BEGIN GIVEN RECORDS
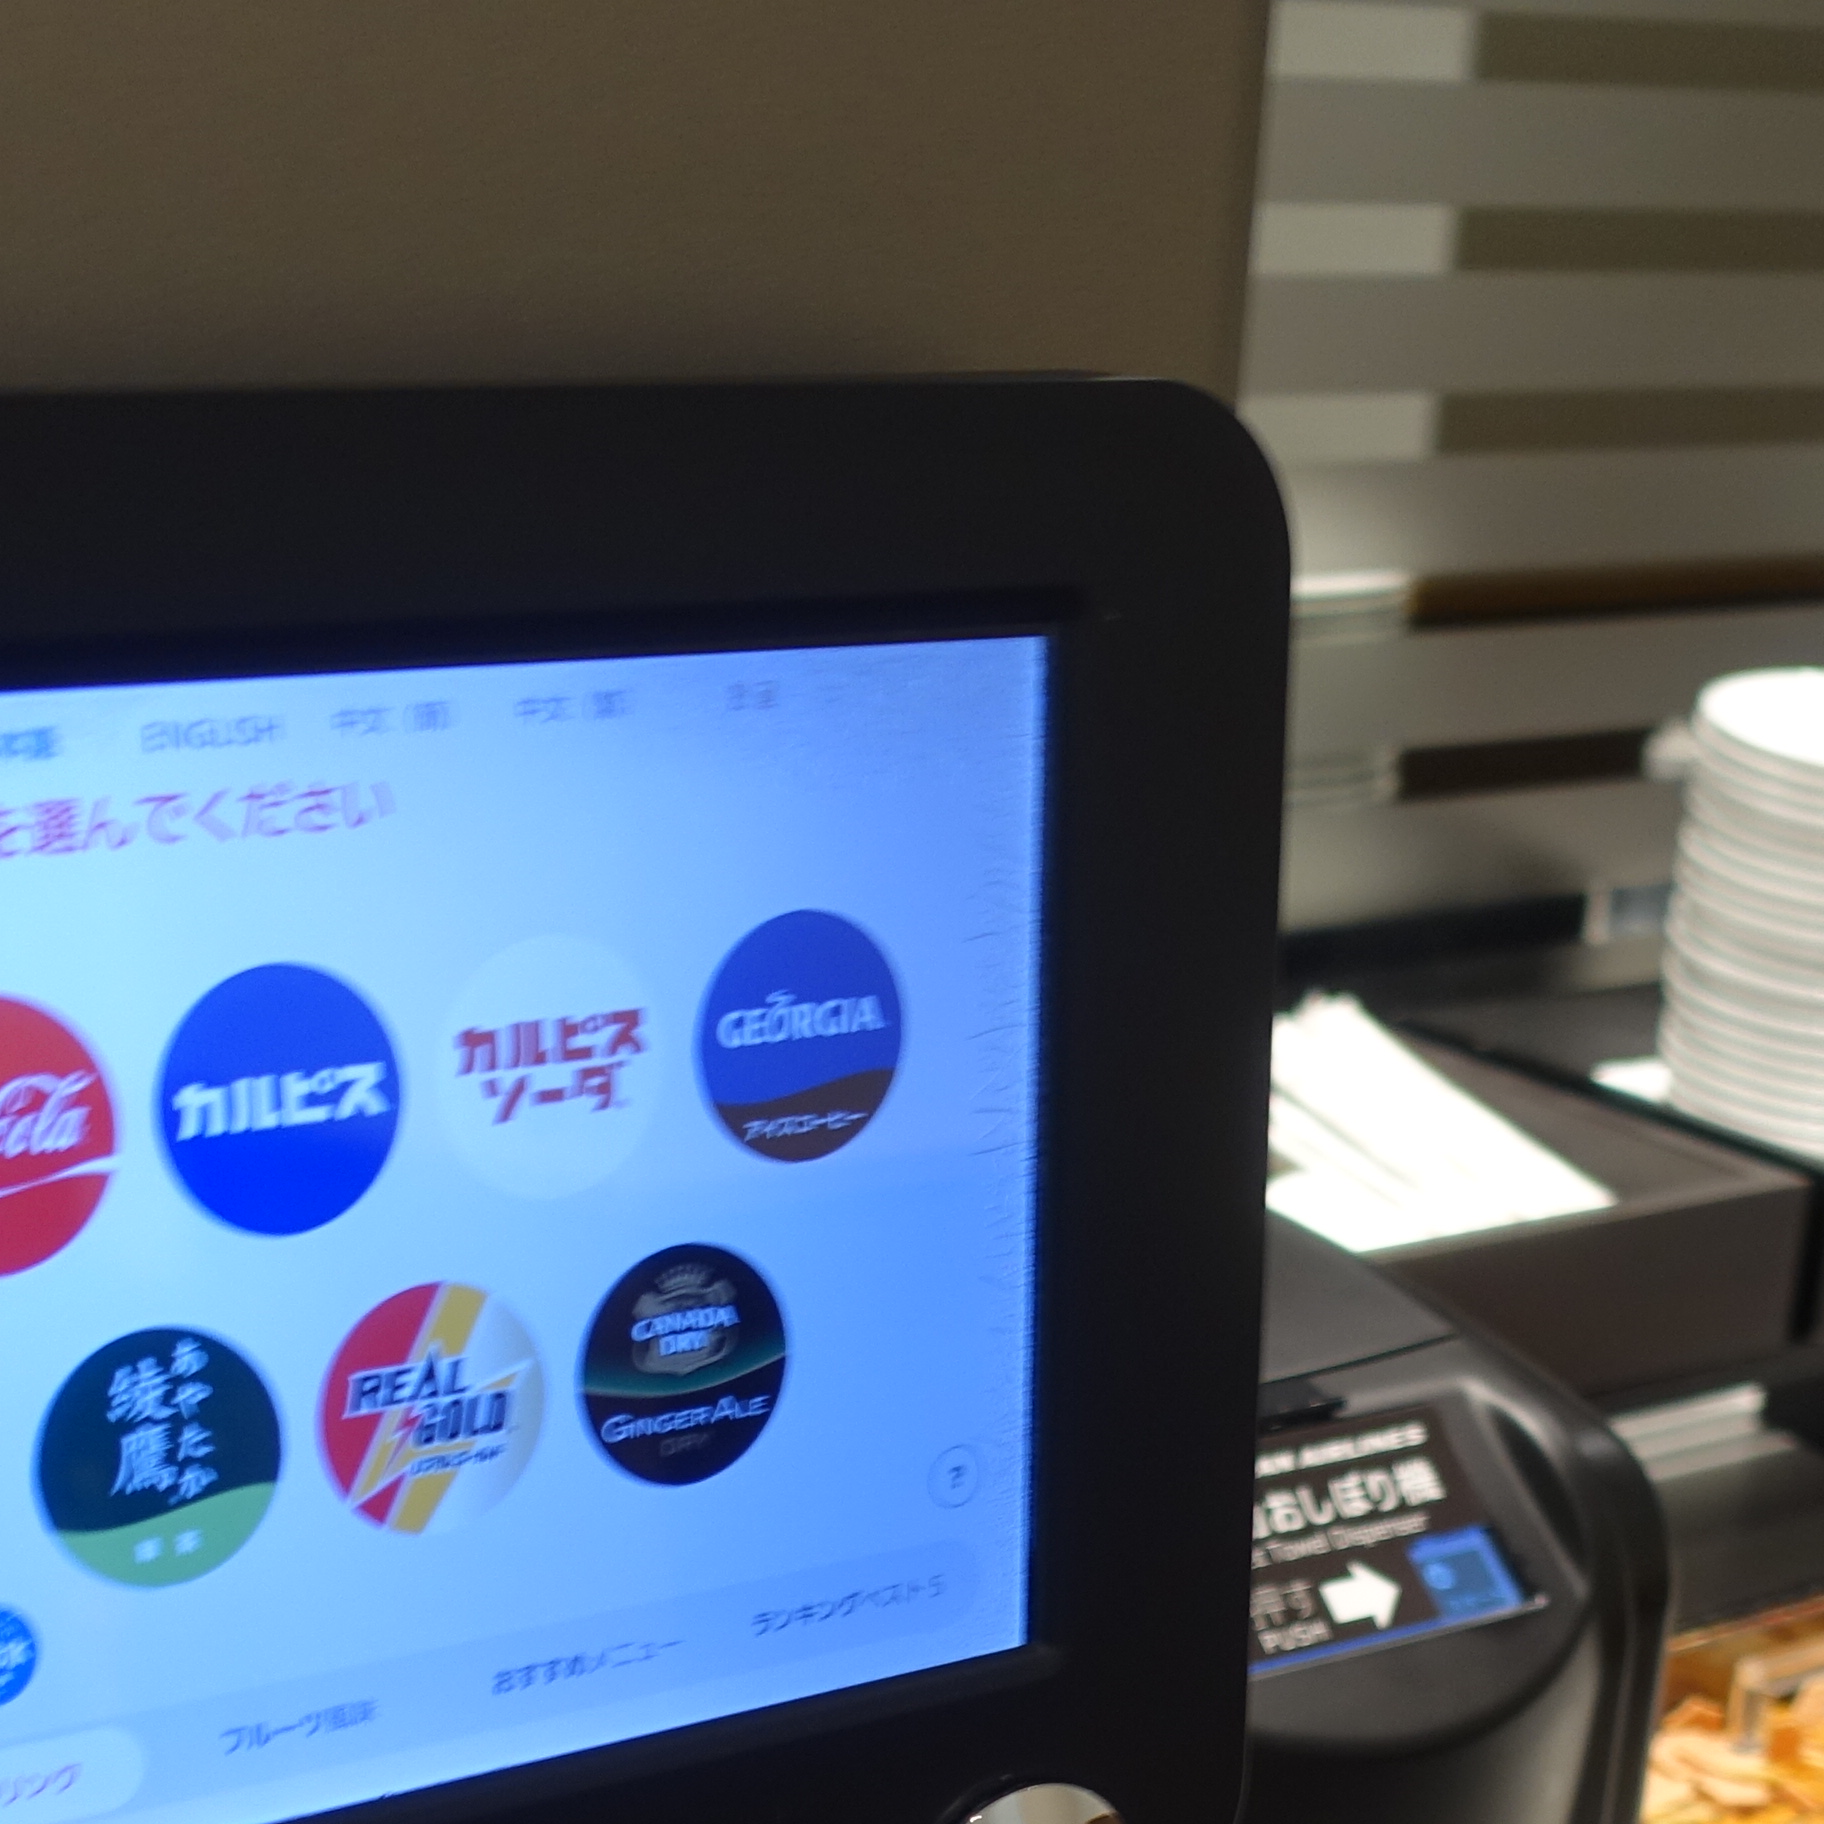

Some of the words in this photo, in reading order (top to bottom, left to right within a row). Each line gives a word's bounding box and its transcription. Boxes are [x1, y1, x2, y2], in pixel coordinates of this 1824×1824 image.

[452, 1006, 650, 1077] カルピス
[171, 1061, 389, 1142] カルピス
[479, 1061, 631, 1125] ソーダ
[631, 1305, 742, 1343] CANADA
[658, 1330, 711, 1356] DRY
[348, 1350, 472, 1414] REAL
[412, 1390, 509, 1447] GOLD
END GIVEN RECORDS
→ **ASSIGNMENT**
Retype all of the material above precisely as it reads. Pictures are not part of the copy.

→ **PROBLEM SOLUTION**
Some of the words in this photo, in reading order (top to bottom, left to right within a row). Each line gives a word's bounding box and its transcription. Boxes are [x1, y1, x2, y2], in pixel coordinates of this 1824×1824 image.

[452, 1006, 650, 1077] カルピス
[171, 1061, 389, 1142] カルピス
[479, 1061, 631, 1125] ソーダ
[631, 1305, 742, 1343] CANADA
[658, 1330, 711, 1356] DRY
[348, 1350, 472, 1414] REAL
[412, 1390, 509, 1447] GOLD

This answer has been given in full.